The problem is that over-broad secrecy is the enemy of verification. It makes it impossible to watch the watchmen. The fundamental mistake that seems to have taken hold of the intelligence-political complex is that it is impossible to openly discuss secret activities without revealing the secrets held. This is generally false: PRISM could have been a publicly known project and still gathered useful data using means that were not public (the fact that some bad people would have refrained from using certain communications as a response is rather minor: in the real world, if they were competent they, like most of the computer security world, would have assumed there was massive surveillance even without verification). The public PRISM project could have been overseen far more transparently, and it would have been easier to trust the various agents – simply because the deception-inducing effects of secrecy would not have applied to the whole structure, just to information flowing through it. We do not need to keep the existence of health records secret just because nobody but patients and their doctors are supposed to see them.
The paradox of the intelligence community is that it demands total transparency to its inquiries from the rest of the world (since there are known and unknown dangers out there), yet demands total secrecy about what it is doing and learning. The motivation for this secrecy is that the information is dangerous, which is true.

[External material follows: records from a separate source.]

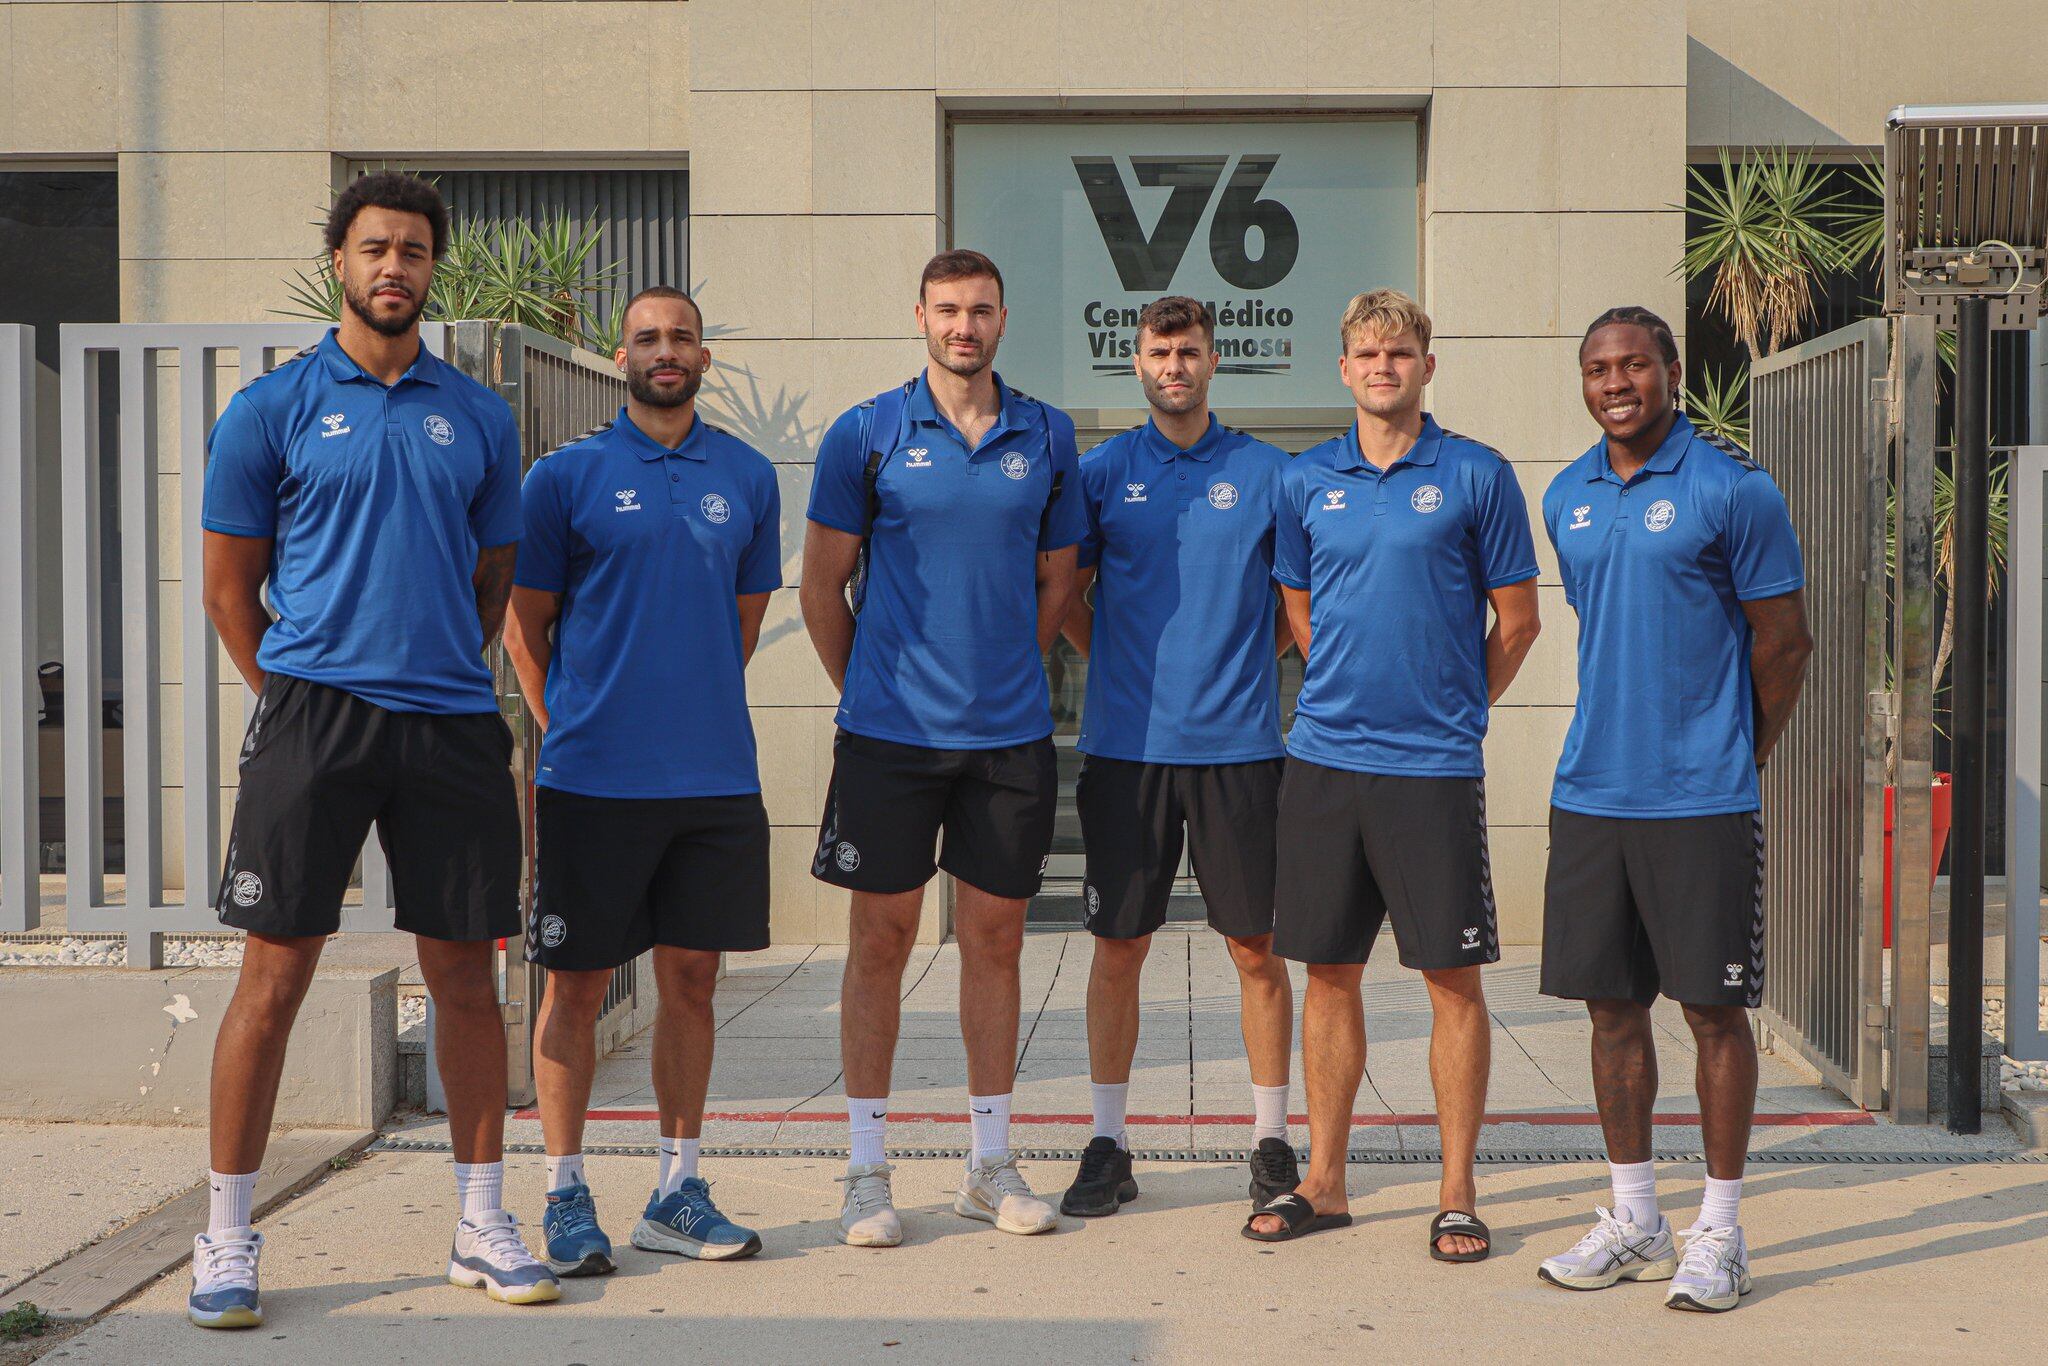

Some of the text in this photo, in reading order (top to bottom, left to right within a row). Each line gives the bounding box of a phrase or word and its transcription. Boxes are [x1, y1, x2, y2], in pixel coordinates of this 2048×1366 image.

[1084, 301, 1149, 328] Cen
[322, 426, 350, 439] hummel
[906, 460, 932, 468] hummel
[615, 503, 641, 512] hummel
[1445, 1212, 1472, 1222] NIKE

But having agencies with such dangerous information is itself dangerous: insofar one accepts the motivation as valid, it follows that they need to be watched at least as intensely as the world and their trustworthiness constantly monitored. At the very least internal communications and computer use needs to be logged, mapped and audited. At present NSA admits it cannot even search its own emails.

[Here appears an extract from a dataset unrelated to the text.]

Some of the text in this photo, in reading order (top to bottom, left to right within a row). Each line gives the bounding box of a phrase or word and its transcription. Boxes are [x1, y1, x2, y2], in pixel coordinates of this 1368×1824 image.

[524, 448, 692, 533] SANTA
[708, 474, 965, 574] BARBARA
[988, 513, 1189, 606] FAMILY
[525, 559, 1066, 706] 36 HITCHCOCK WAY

One standard argument against the above kind of agency monitoring is that it risks creating vulnerabilities for espionage and leaks. But the same argument applies to large scale data gathering too: the NSA is itself a potential security vulnerability. The fact that Manning and Snowden could cause destructive leaks despite being part of a supposedly vetted and trained group of people under close oversight suggests that the institutional problems across the community might be deep and unavoidable. If the intelligence community misplaces trust by their own standards so easily, why should we expect more about their external professionalism?

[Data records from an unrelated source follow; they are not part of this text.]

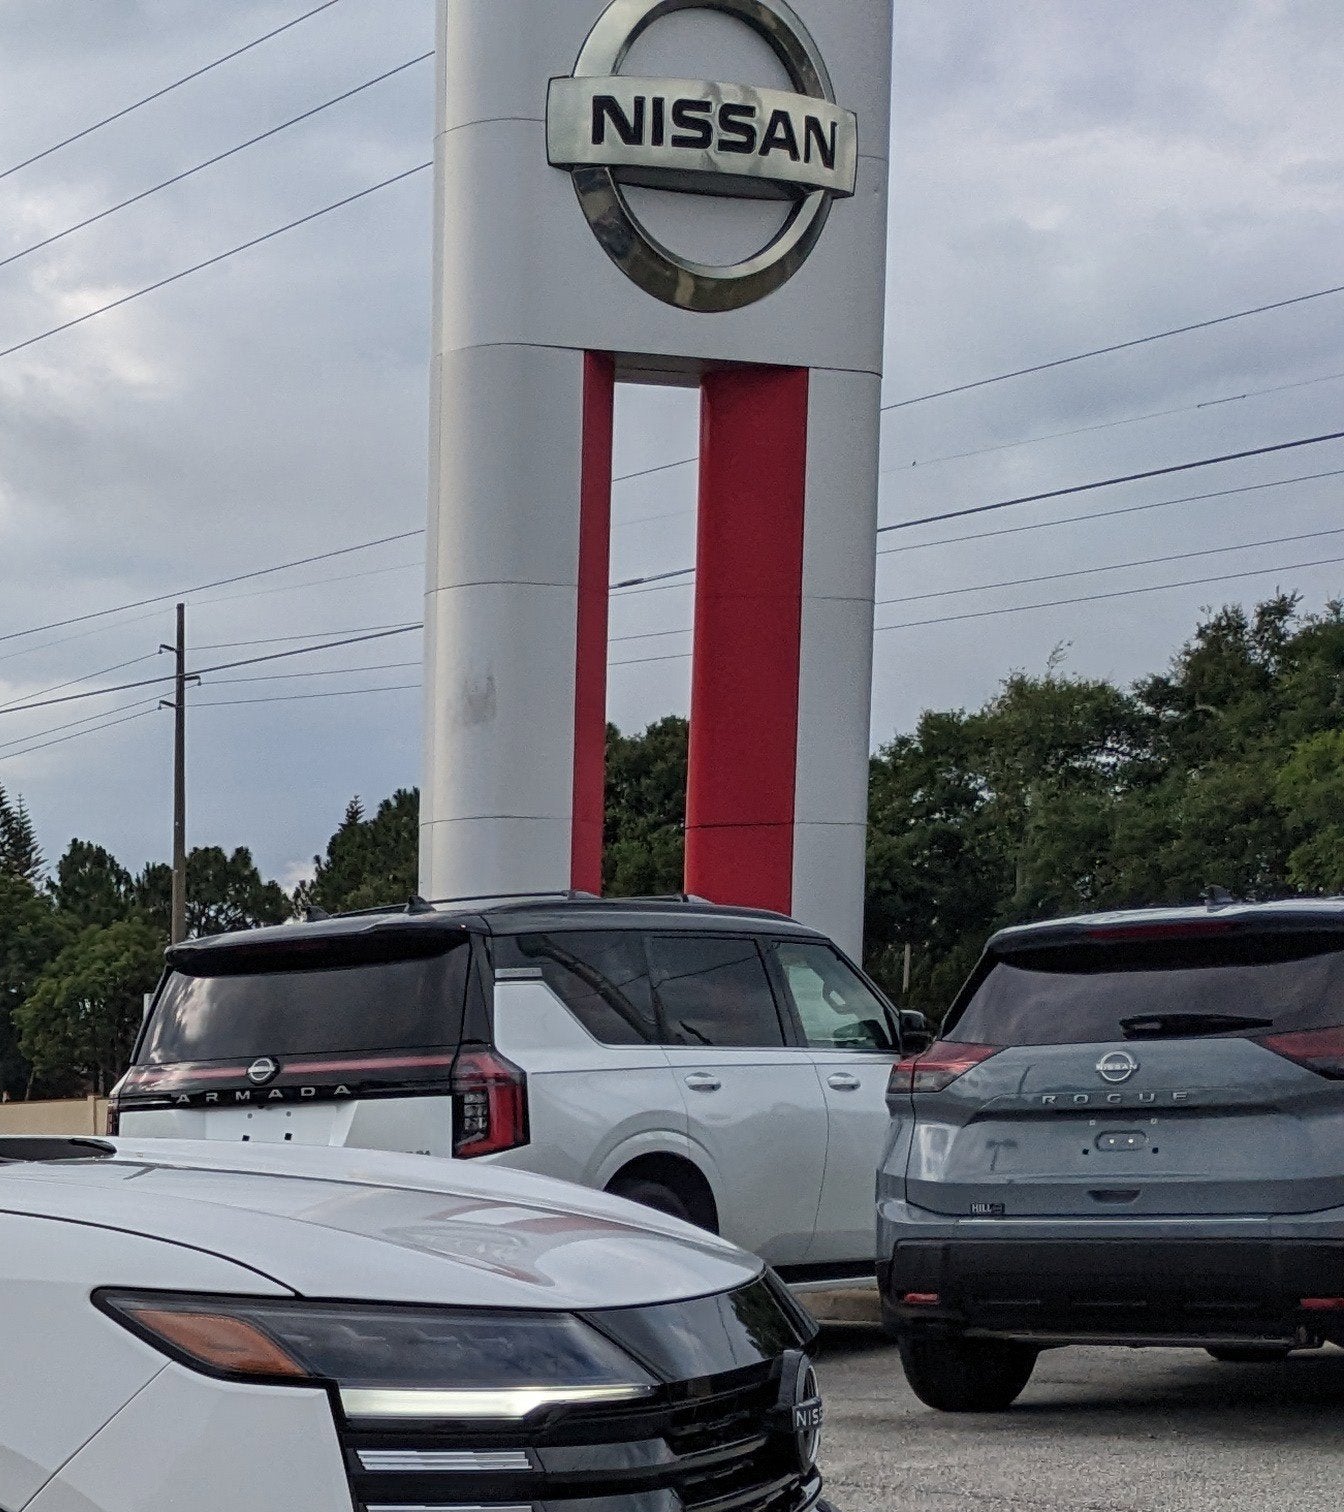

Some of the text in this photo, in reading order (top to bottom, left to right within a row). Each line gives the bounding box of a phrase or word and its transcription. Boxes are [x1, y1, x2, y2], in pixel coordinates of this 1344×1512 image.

[591, 95, 838, 170] NISSAN
[176, 1085, 351, 1103] ARMADA
[1042, 1091, 1188, 1104] ROGUE
[971, 1203, 992, 1213] HILL
[796, 1408, 823, 1428] NIS

I do not trust people and organisations that do not give me ways of accessing the data they base their claims on. Most of the time it is too much work for anybody to check it, but availability does enforce honesty in an open society: somebody might be doing a check, and then it will be embarrassing to be found out as a liar, deceiver or bullshitter. The same is true for oversight inside organisations: not every case is audited, but if enough are (and it is random enough) there are disincentives for misbehaving. Accepting secrecy means accepting that there are things that should not be checked.
If bullshit is not caring about the truth of one’s own statements, accepting secrecy on blind trust is not caring about the truth of what one hears.